The Fosl1-Kdm6b Axis Controls Skeletal Muscle Fibrosis by Regulating Histone H3K27me3 [bulk RNA-seq]

Skeletal muscle fibrosis, characterized by the replacement of functional muscle tissue with fibrotic scarring, leads to muscle function loss and potentially fatal respiratory failure, particularly in muscular dystrophy. The mechanisms driving muscle fibrosis is not yet fully understood. Our study utilized single-cell RNA-seq and single-nuclei ATAC-seq to analyze the transcriptome and chromatin accessibility of regenerating and dystrophic skeletal muscle, identifying a specific subset of fibro-adipogenic precursors (FAPs) enriched in dystrophic muscles, termed fibrotic FAPs. We further demonstrated that chronic inflammation upregulates Fosl1, an early response gene, which activates the expression of Kdm6b in fibrotic FAPs. Kdm6b, a histone demethylase, specifically removes the repressive histone H3K27me3 mark. Notably, targeting Kdm6b genetically and pharmacologically inhibits fibrotic di^erentiation in human and mouse FAPs in vitro and ameliorated muscle fibrosis in mouse models in vivo. Furthermore, constitutive activation of the Fosl1-Kdm6b pathway reduced H3K27me3 modification at critical fibrotic gene loci, leading to their transcriptional activation.

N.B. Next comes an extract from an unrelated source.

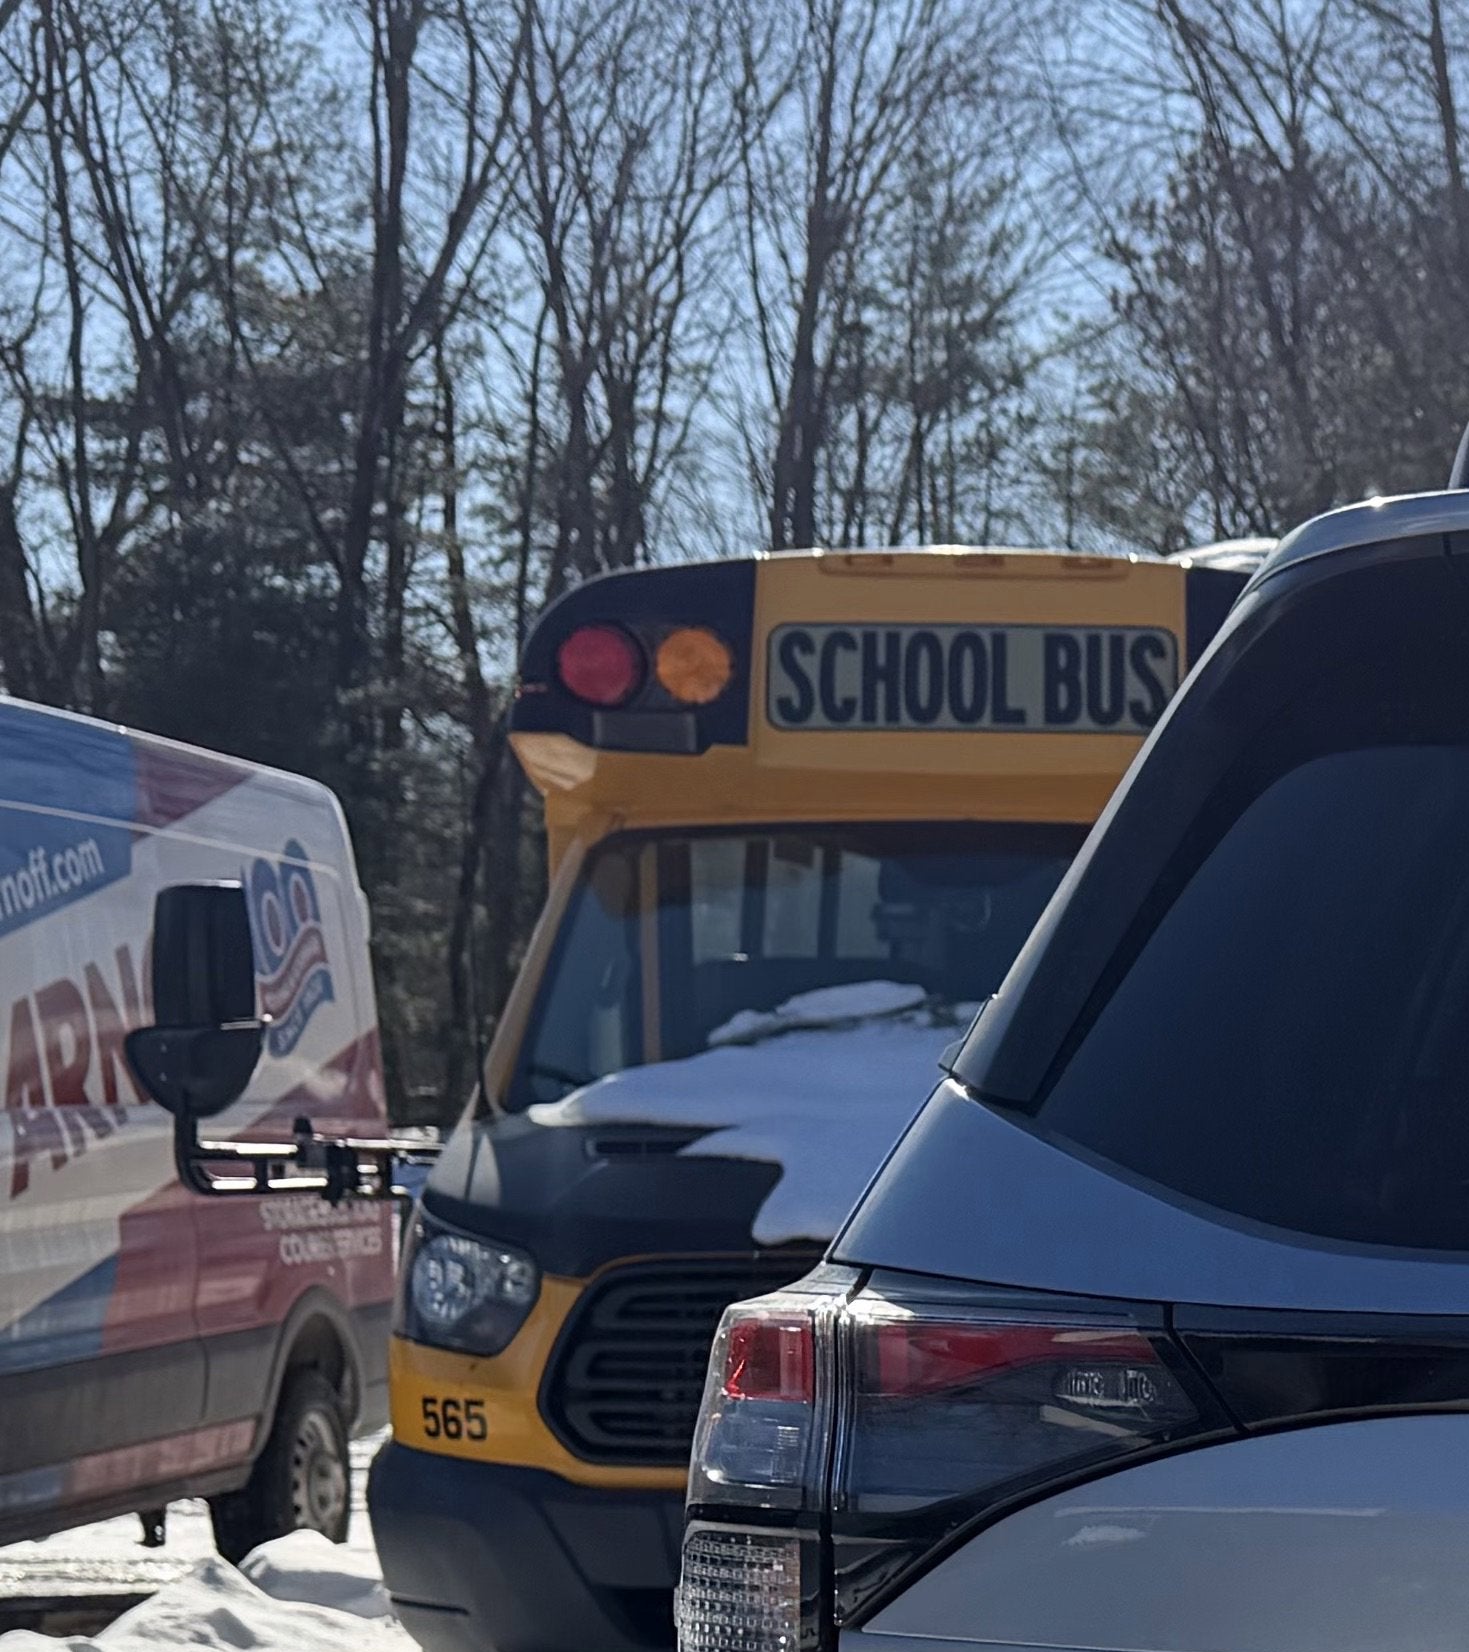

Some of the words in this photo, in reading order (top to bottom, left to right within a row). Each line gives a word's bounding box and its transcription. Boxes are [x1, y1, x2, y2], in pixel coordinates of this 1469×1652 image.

Taken together, our findings reveal that chronic inflammation perpetuates the Fosl1-Kdm6b axis in FAPs, causing epigenomic reprogramming and altering the H3K27me3 landscape, which is essential for preventing fibrotic di^erentiation of FAPs and skeletal muscle fibrosis. Overall design: mRNA measurements from fibro-adipogenic progenitors in wildtype, Mdx, and Utrophin-dystrophin double knockout mice. Other comparisons include conditional knockout of Kdm6b in FAPs (using Pdgfra-Cre and Kdm6b-flox mice) versus genetically matched control (without Cre)).